U of M President Emeritus inducted into hall of fame

October 19th, 2012 · No Comments · Health, Medicine, News Release

For five decades, University of Manitoba President Emeritus Arnold Naimark has played a major role in building health education and research in Canada through the institutes he has led and the programs he has been key in developing.

The Winnipeg-born-and-raised doctor, who is a professor of physiology and medicine and also dean emeritus in the Faculty of Medicine, will be inducted into the prestigious Canadian Medical Hall of Fame during a ceremony in Halifax in May of 2013. He is the seventh University of Manitoba scientist so honored and follows laureates from previous years: Bruce Chown (1995), Henry Friesen (2001), Charles Hollenberg (2003), James Hogg (2010), Allan Ronald (2011), and John Dirks (2012).

“Dr. Naimark’s visionary spirit and extraordinary leadership has resulted in transformative change at the University of Manitoba and in how patients are treated in Canada’s North,” said president and vice-chancellor Dr. David Barnard. “We are proud he is a member of our community and we congratulate him for this much-deserved honour.”

Naimark, who is also director of the Centre for the Advancement of Medicine at the U of M, was chosen in the builder (innovative leadership) category. The hall recognizes individuals whose contributions to medicine and health sciences have led to extraordinary improvements in human health.

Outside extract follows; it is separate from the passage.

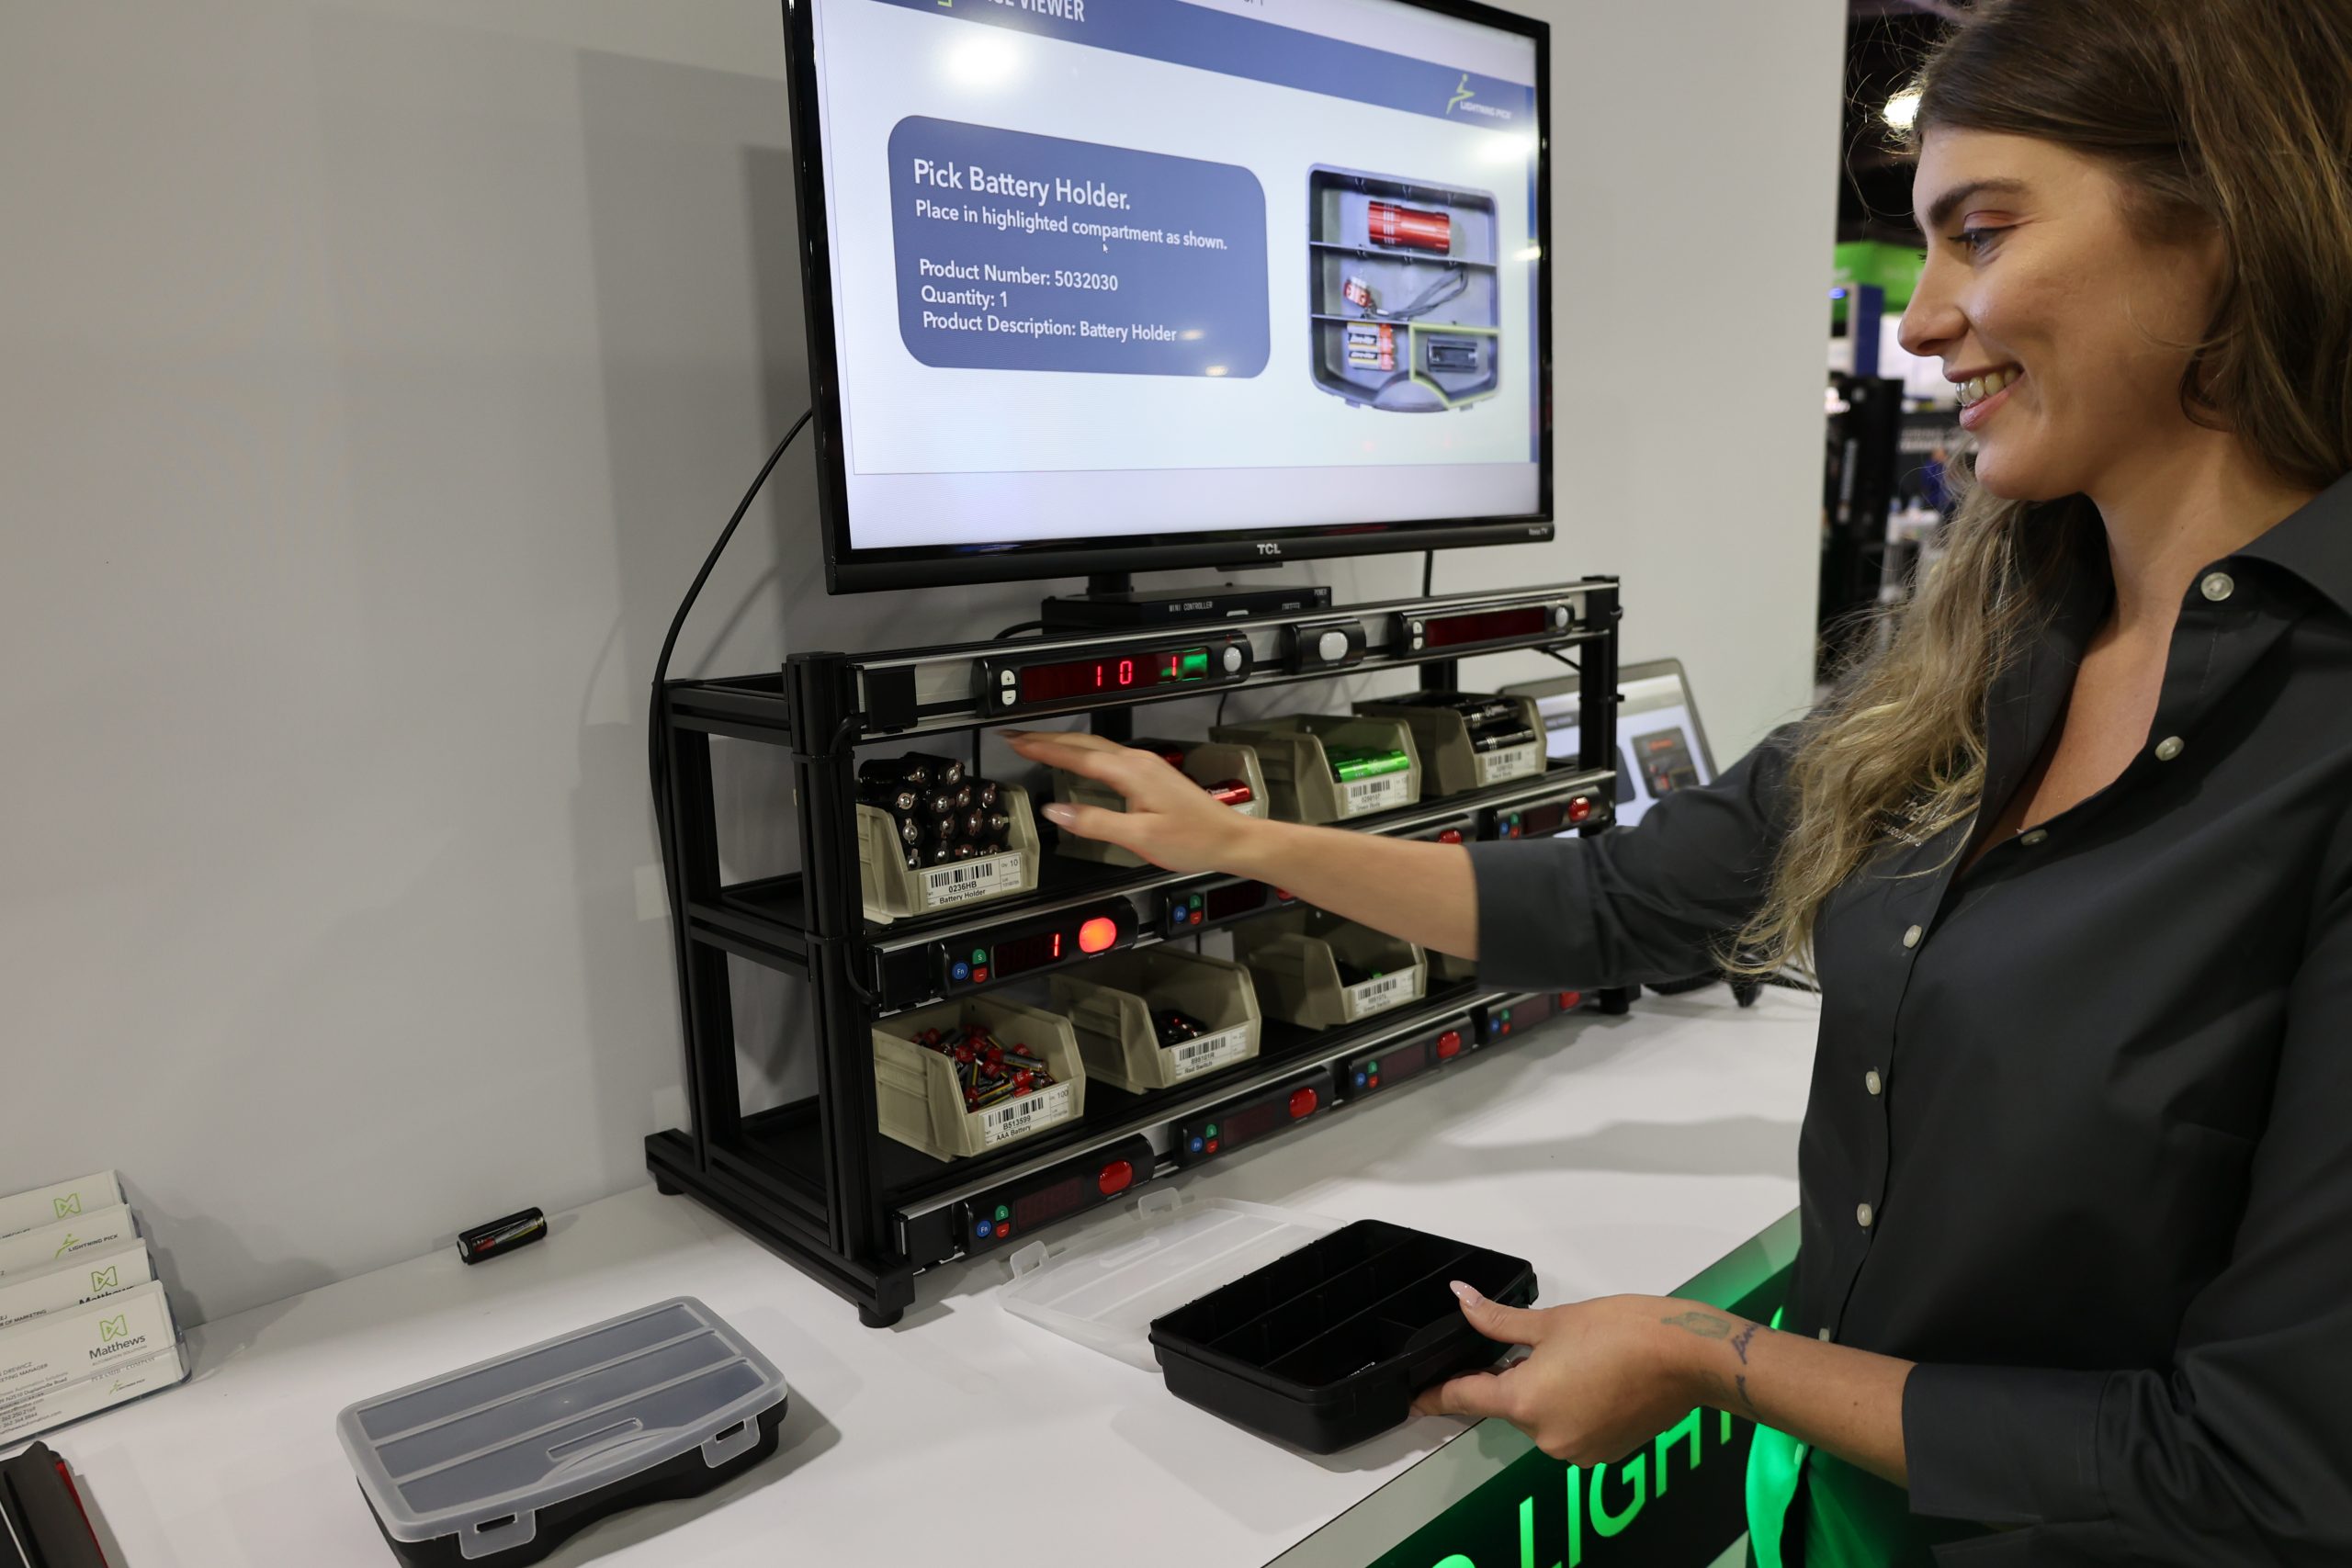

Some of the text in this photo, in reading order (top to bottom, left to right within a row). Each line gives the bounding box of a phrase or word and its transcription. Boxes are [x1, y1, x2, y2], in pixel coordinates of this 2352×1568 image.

After joining the department of physiology in the 1960s, Naimark co-developed a leading laboratory for the investigation of respiratory disease and the first clinical unit in the world devoted exclusively to intensive respiratory care. Soon after, the U of M alumnus became dean of the Faculty of Medicine, creating a new department of family medicine and a division of Community Medicine that includes the Northern Medical Unit, which has become a model for health care delivery to the First Nations, Metis and Inuit. In 1981, he became the university’s president and vice-chancellor. During his 15-year tenure the university’s endowment increased nearly six-fold and included major developments at the health science campuses.

Considered one of the country’s foremost educational administrators, Naimark’s biography shows a lifetime of leadership in the development of departments, universities, institutions and organizations at the local, provincial and national level. His advice is routinely sought by a long list of health sciences and educational bodies across Canada.

He was the founding chair of the Canadian Health Services Research Foundation and spearheaded a plan that made it one of the most preeminent organizations in health sciences research in Canada today. He was also the founding chair of the Canadian Biotechnology Advisory Council, providing policymakers with a framework when dealing with issues related to genetic modification. And he was integral in the launch of the Manitoba Health Research Council, which has facilitated funding for the province’s researchers for more than three decades. He currently serves as chair of the Genome Prairie Board, chair of CancerCare Manitoba and as a member of the National Statistics Council and the Research Council of the Institute for Advanced Research.

“Today, Dr. Naimark’s legacy is to see thriving departments, institutions, and organizations flourishing because at critical moments in their history they were the beneficiaries of his leadership and counsel, and as a result, Canadians have a stronger, more vibrant health sciences enterprise and a more informed health system,” says Henry Friesen, Senior Fellow with the Centre for the Advancement of Medicine.

Established in 1994 and located in London Ont., the Canadian Medical Hall of Fame honours medical heroes of the past, present and future. The national charitable organization creates an enduring tribute to individuals who through discovery and innovation have contributed to improved health in Canada and around the world.